Problem description: Your copy must start with the line containing "this 2048×1536 image." and end with the last line of the entries, matching them exactly and leaving out every picture.

Data under study:
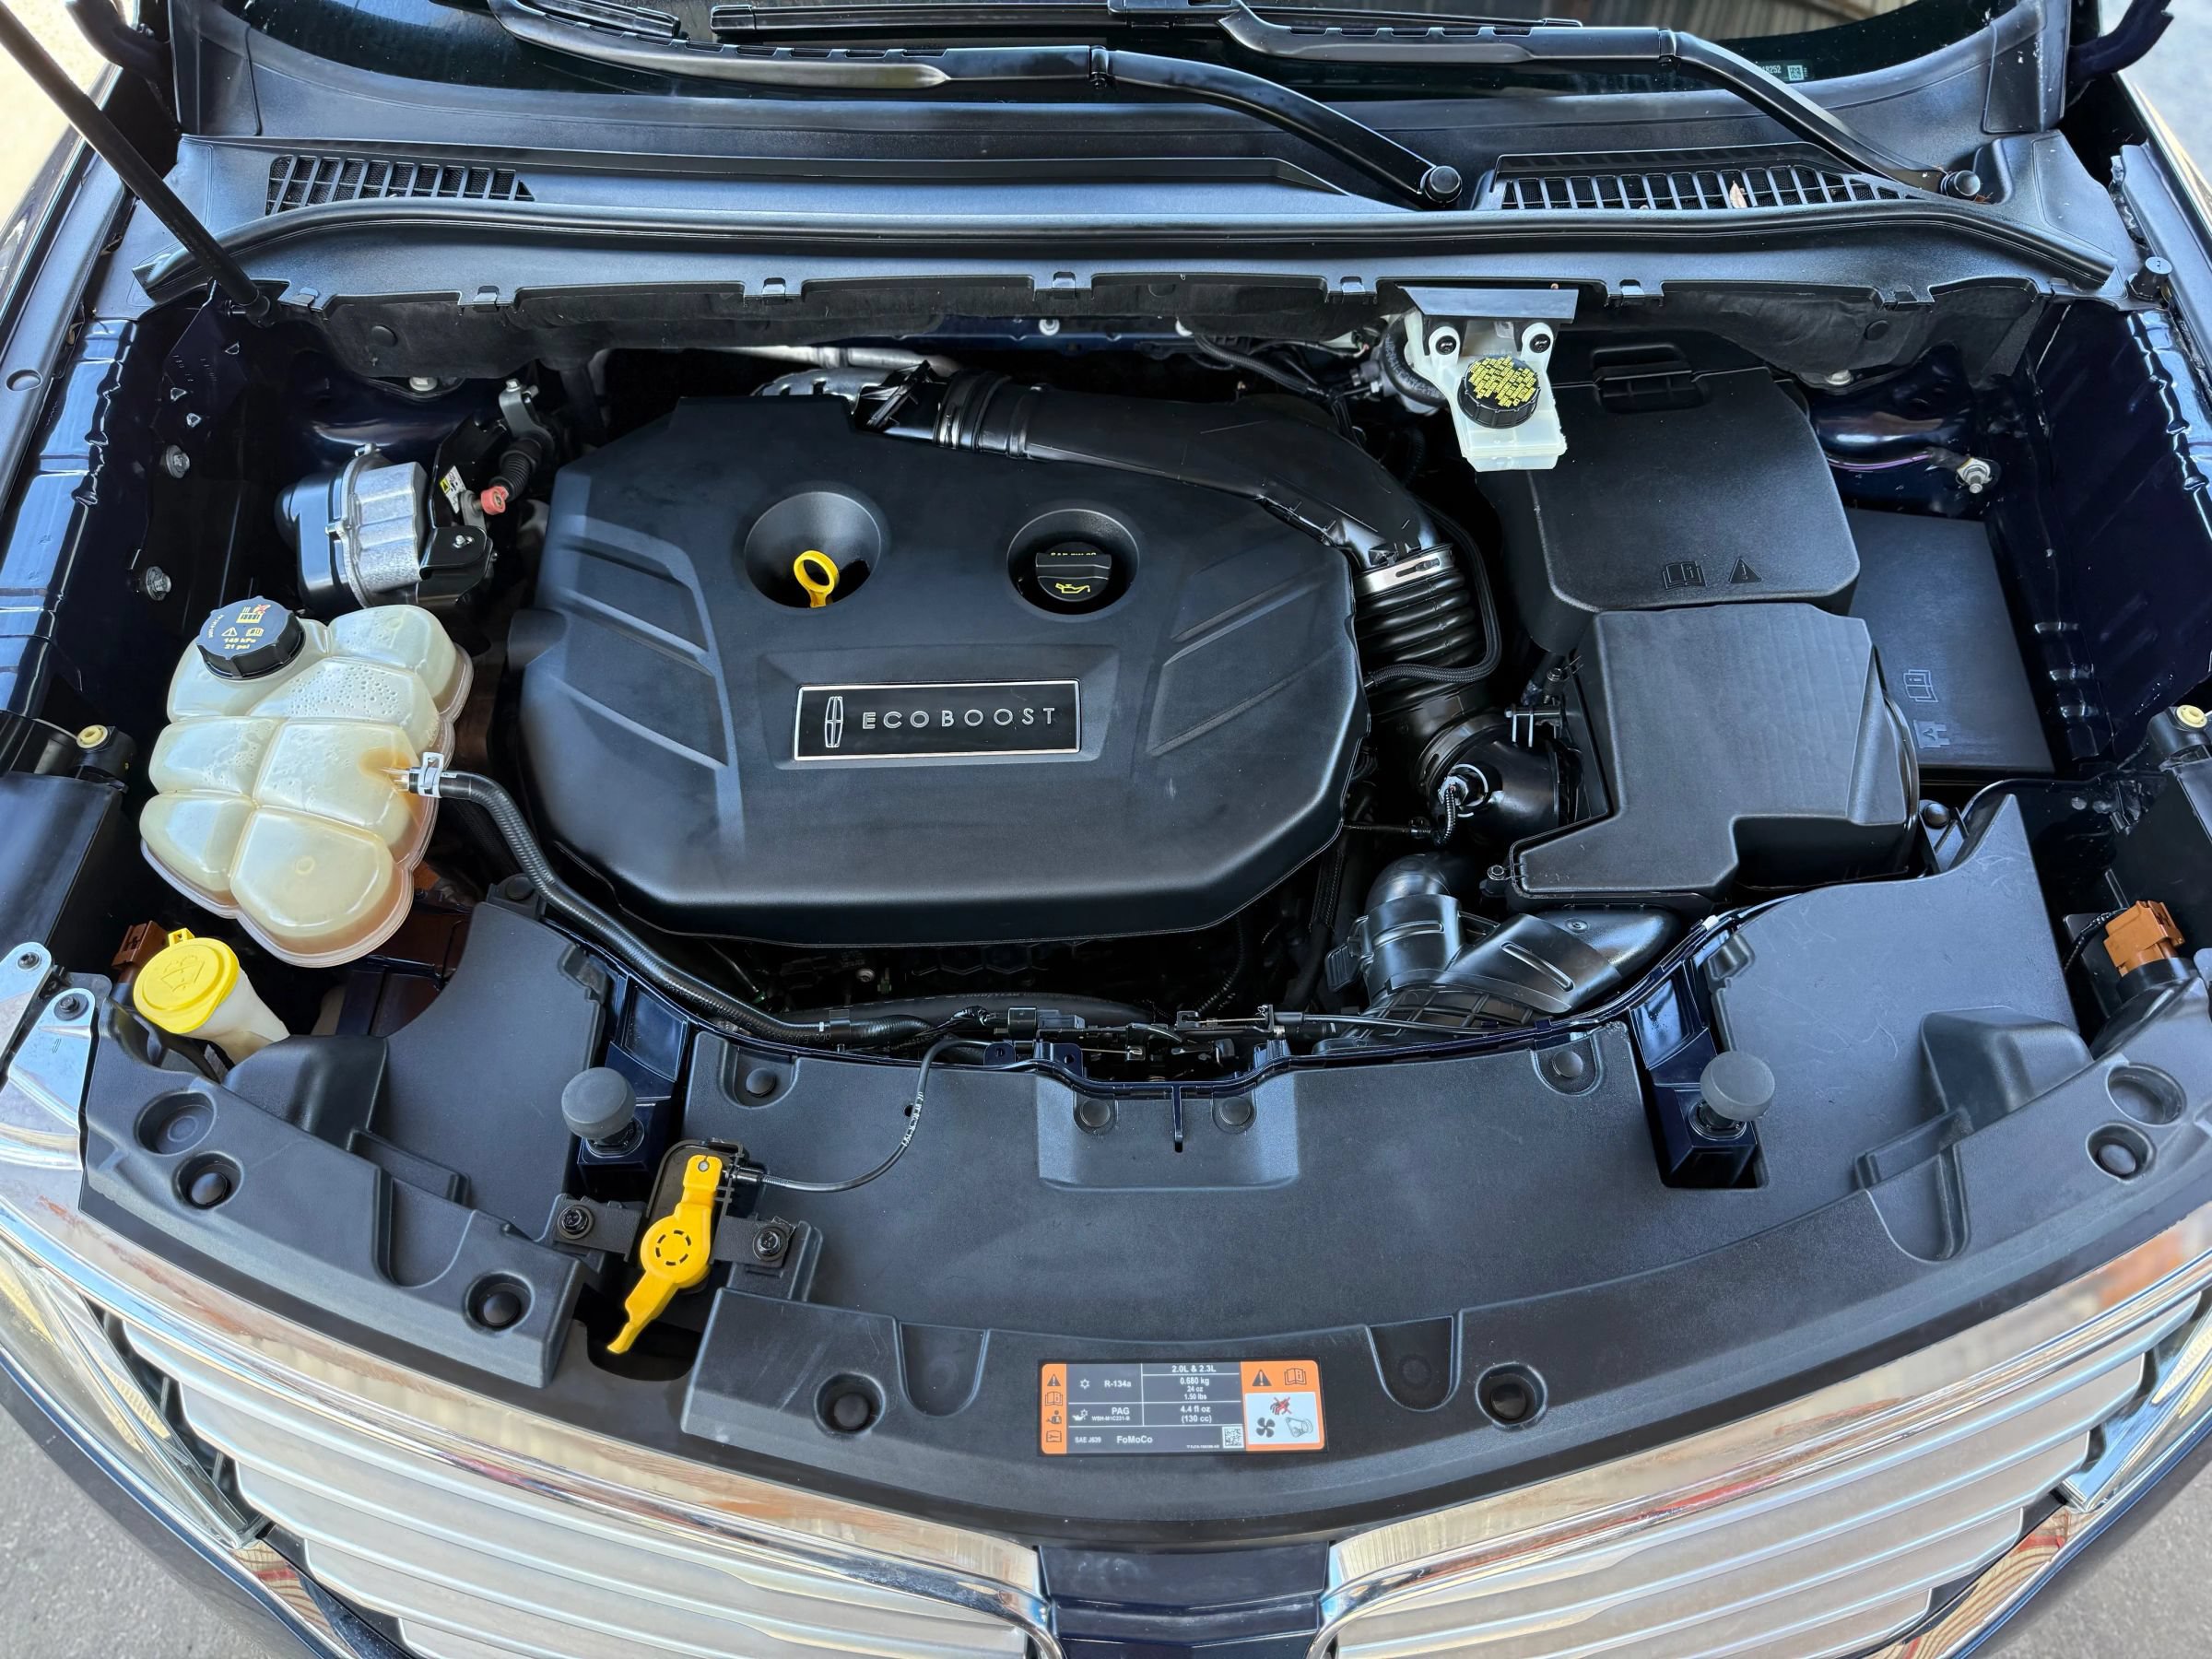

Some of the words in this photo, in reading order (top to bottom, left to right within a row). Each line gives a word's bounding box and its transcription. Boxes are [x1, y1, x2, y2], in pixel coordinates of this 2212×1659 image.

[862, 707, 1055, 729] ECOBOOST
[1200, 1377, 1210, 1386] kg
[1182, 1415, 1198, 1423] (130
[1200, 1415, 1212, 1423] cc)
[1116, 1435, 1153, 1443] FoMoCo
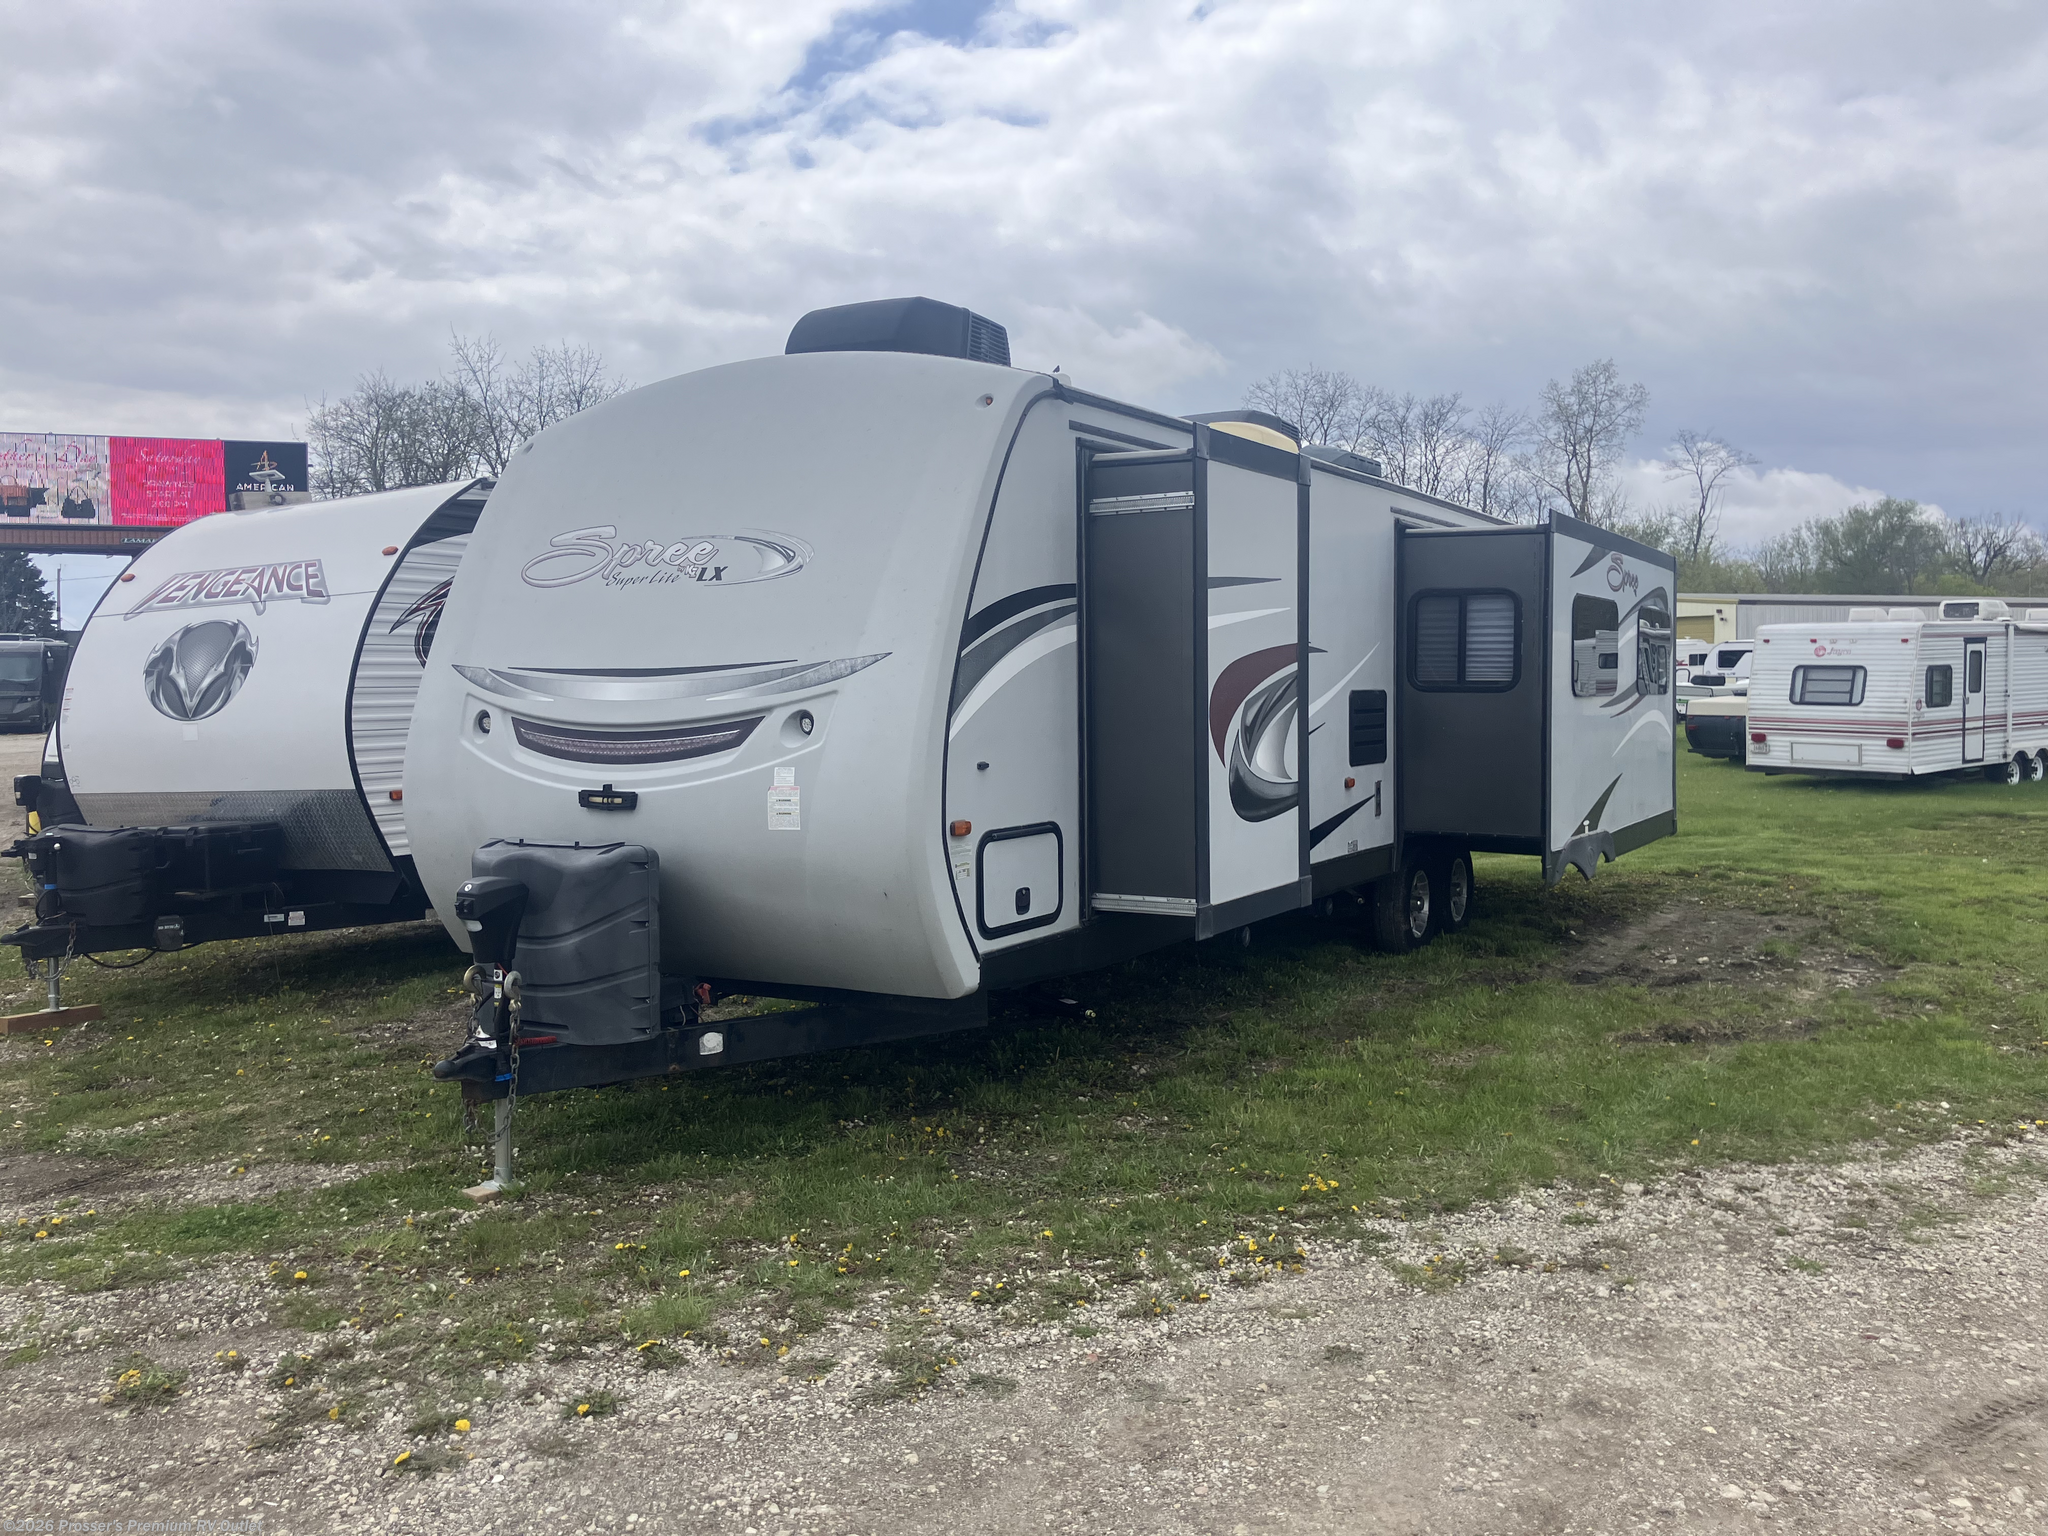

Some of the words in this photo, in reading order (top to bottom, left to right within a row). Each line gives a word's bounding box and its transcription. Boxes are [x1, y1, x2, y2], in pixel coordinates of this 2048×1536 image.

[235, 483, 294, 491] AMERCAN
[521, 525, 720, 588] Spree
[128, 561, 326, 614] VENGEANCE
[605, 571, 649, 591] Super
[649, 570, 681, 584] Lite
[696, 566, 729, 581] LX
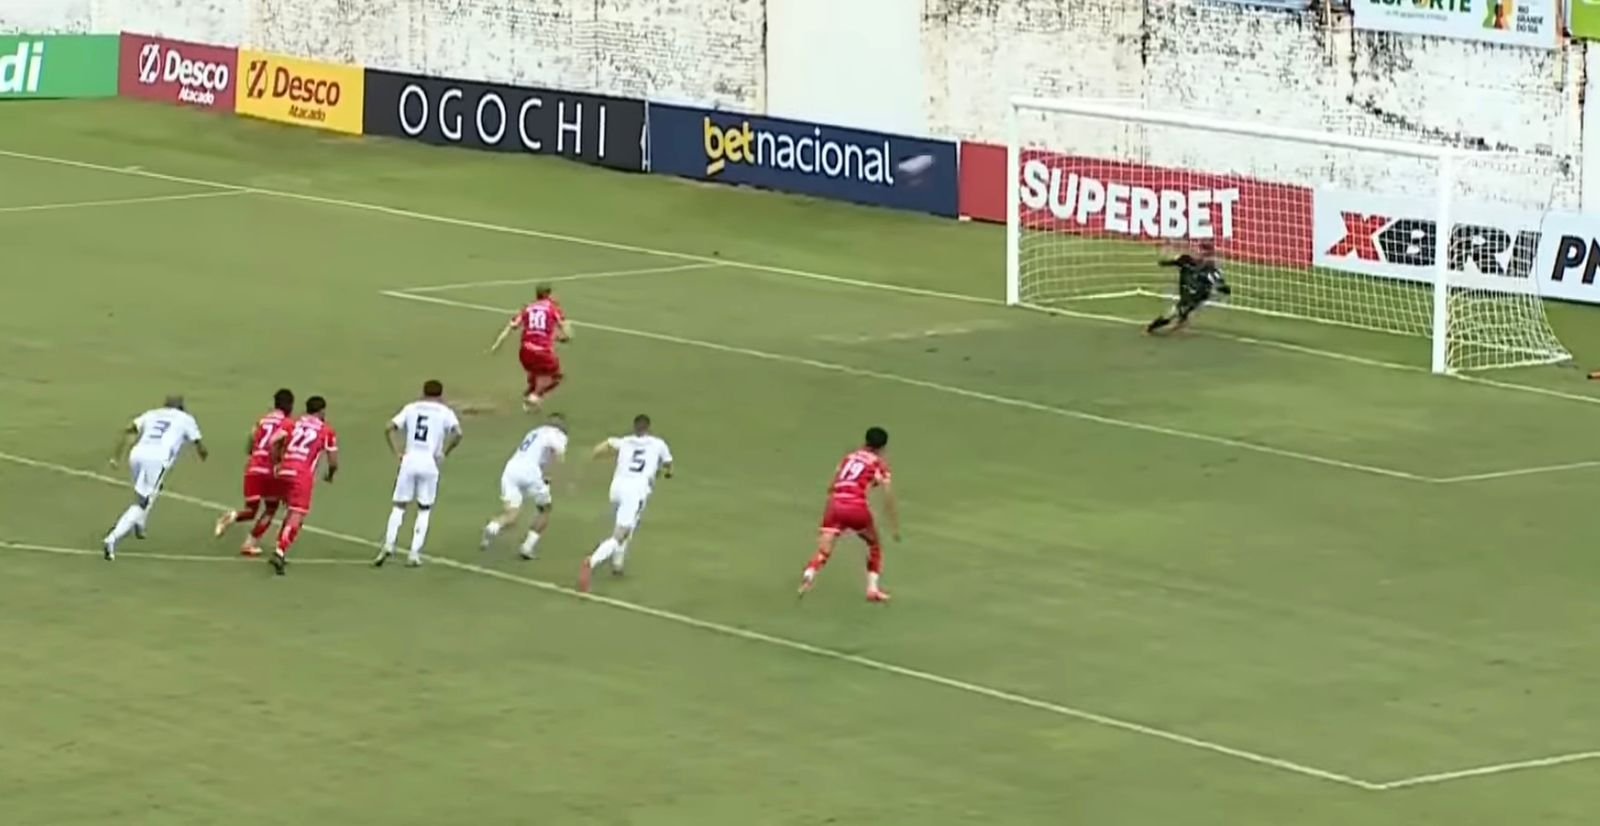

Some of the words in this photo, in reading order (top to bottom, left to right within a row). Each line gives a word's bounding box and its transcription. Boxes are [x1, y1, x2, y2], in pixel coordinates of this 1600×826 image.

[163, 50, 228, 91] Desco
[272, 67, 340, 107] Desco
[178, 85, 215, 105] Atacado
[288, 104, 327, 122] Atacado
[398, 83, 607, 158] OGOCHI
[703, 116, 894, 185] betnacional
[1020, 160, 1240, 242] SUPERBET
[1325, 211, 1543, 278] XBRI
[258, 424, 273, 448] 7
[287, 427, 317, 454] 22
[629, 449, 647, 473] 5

Solution for this exercise:
Some of the words in this photo, in reading order (top to bottom, left to right within a row). Each line gives a word's bounding box and its transcription. Boxes are [x1, y1, x2, y2], in pixel coordinates of this 2048×1536 image.

[235, 483, 294, 491] AMERCAN
[521, 525, 720, 588] Spree
[128, 561, 326, 614] VENGEANCE
[605, 571, 649, 591] Super
[649, 570, 681, 584] Lite
[696, 566, 729, 581] LX

Some of the words in this photo, in reading order (top to bottom, left to right within a row). Each line gives a word's bounding box and its transcription. Boxes are [x1, y1, x2, y2], in pixel coordinates of this 1600×826 image.

[163, 50, 228, 91] Desco
[272, 67, 340, 107] Desco
[178, 85, 215, 105] Atacado
[288, 104, 327, 122] Atacado
[398, 83, 607, 158] OGOCHI
[703, 116, 894, 185] betnacional
[1020, 160, 1240, 242] SUPERBET
[1325, 211, 1543, 278] XBRI
[258, 424, 273, 448] 7
[287, 427, 317, 454] 22
[629, 449, 647, 473] 5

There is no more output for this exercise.